SIRT1 negatively regulates amyloid-beta-induced inflammation via the NF-κB pathway

Chronic inflammation induced by amyloid-beta (A beta) plays a key role in the development of age-related macular degeneration (AMD), and matrix metalloproteinase-9 (MMP-9), interleukin (IL)-6, and IL-8 may be associated with chronic inflammation in AMD. Sirtuin 1 (SIRT1) regulates inflammation via inhibition of nuclear factor-kappa B (NF-kappa B) signaling, and resveratrol has been reported to prevent A beta-induced retinal degeneration; therefore, we investigated whether this action was mediated via activation of SIRT1 signaling. Human adult retinal pigment epithelial (RPE) cells were exposed to A beta, and overactivation and knockdown of SIRT1 were performed to investigate whether SIRT1 is required for abrogating A beta-induced inflammation.
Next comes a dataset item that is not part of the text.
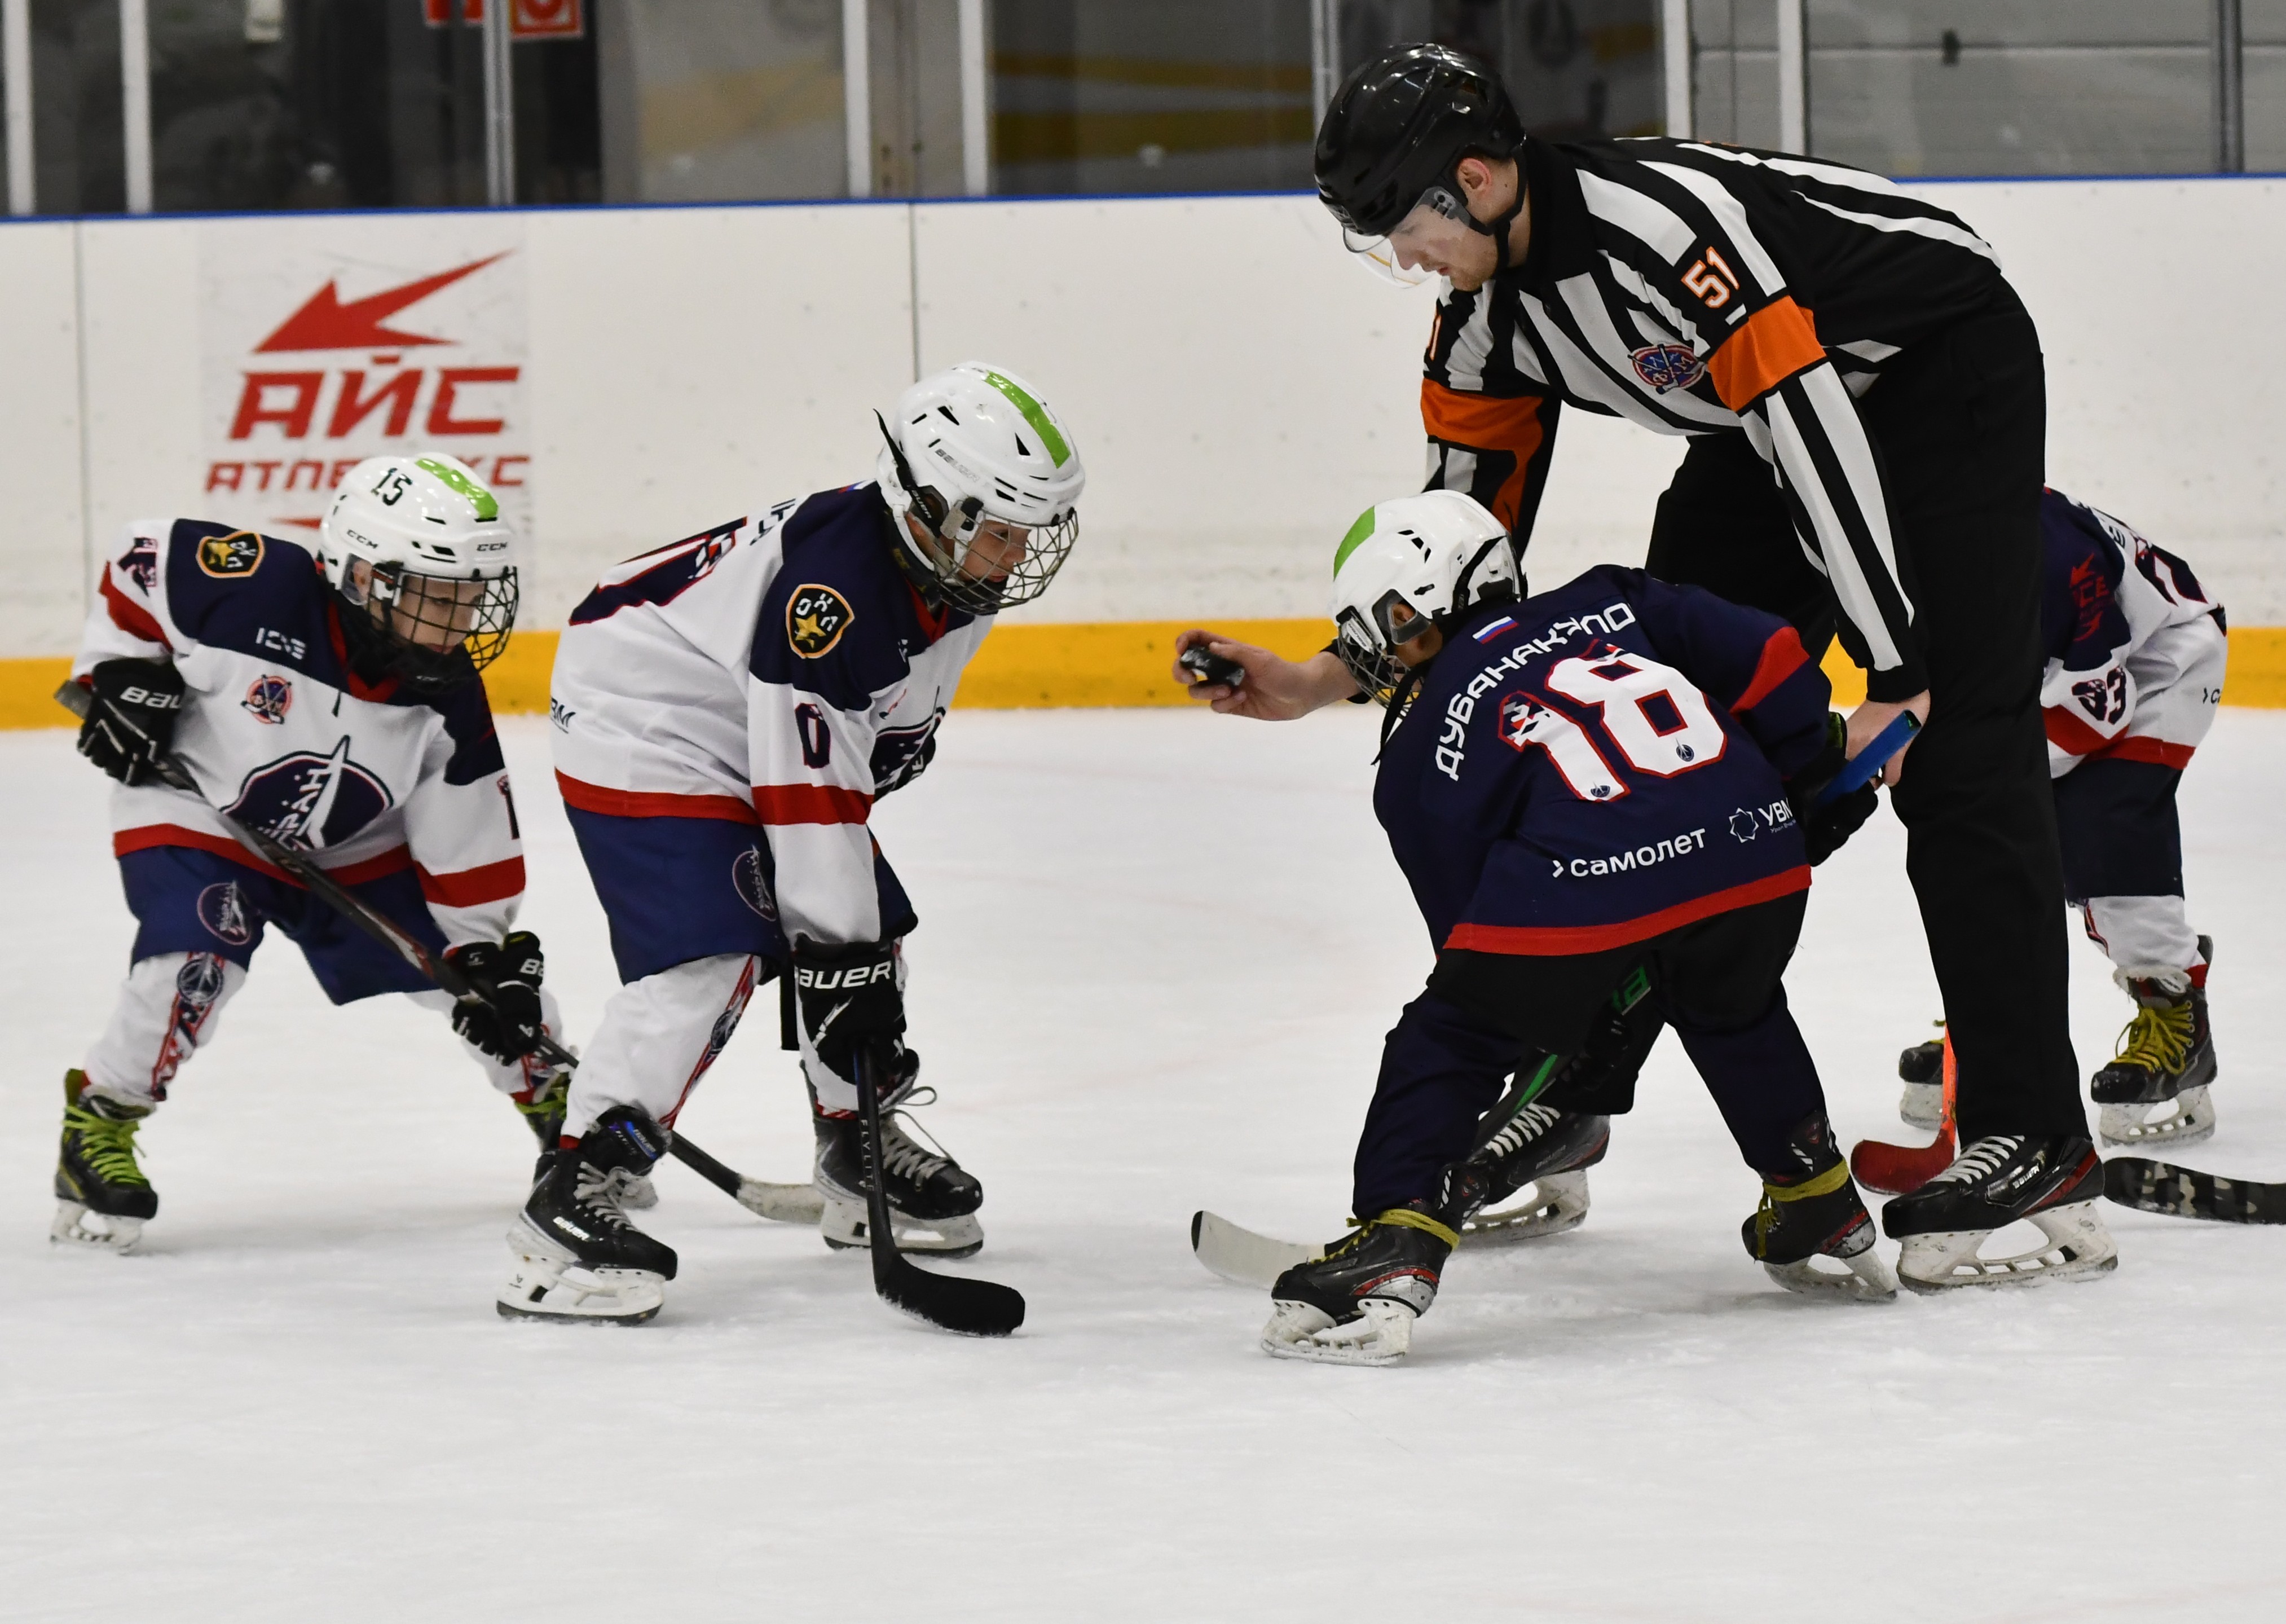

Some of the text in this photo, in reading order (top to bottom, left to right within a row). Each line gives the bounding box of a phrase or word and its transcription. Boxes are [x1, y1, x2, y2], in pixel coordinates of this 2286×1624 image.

We found that A beta-induced RPE barrier disruption and expression of IL-6, IL-8, and MMP-9 were abrogated by the SIRT1 activator SRT1720, whereas alterations induced by A beta in SIRT1-silenced RPE cells were not attenuated by SRT1720. In addition, SRT1720 inhibited A beta-mediated NF-kappa B activation and decrease of the NF-kappa B inhibitor, I kappa B alpha. Our findings suggest a protective role for SIRT1 signaling in A beta-dependent retinal degeneration and inflammation in AMD.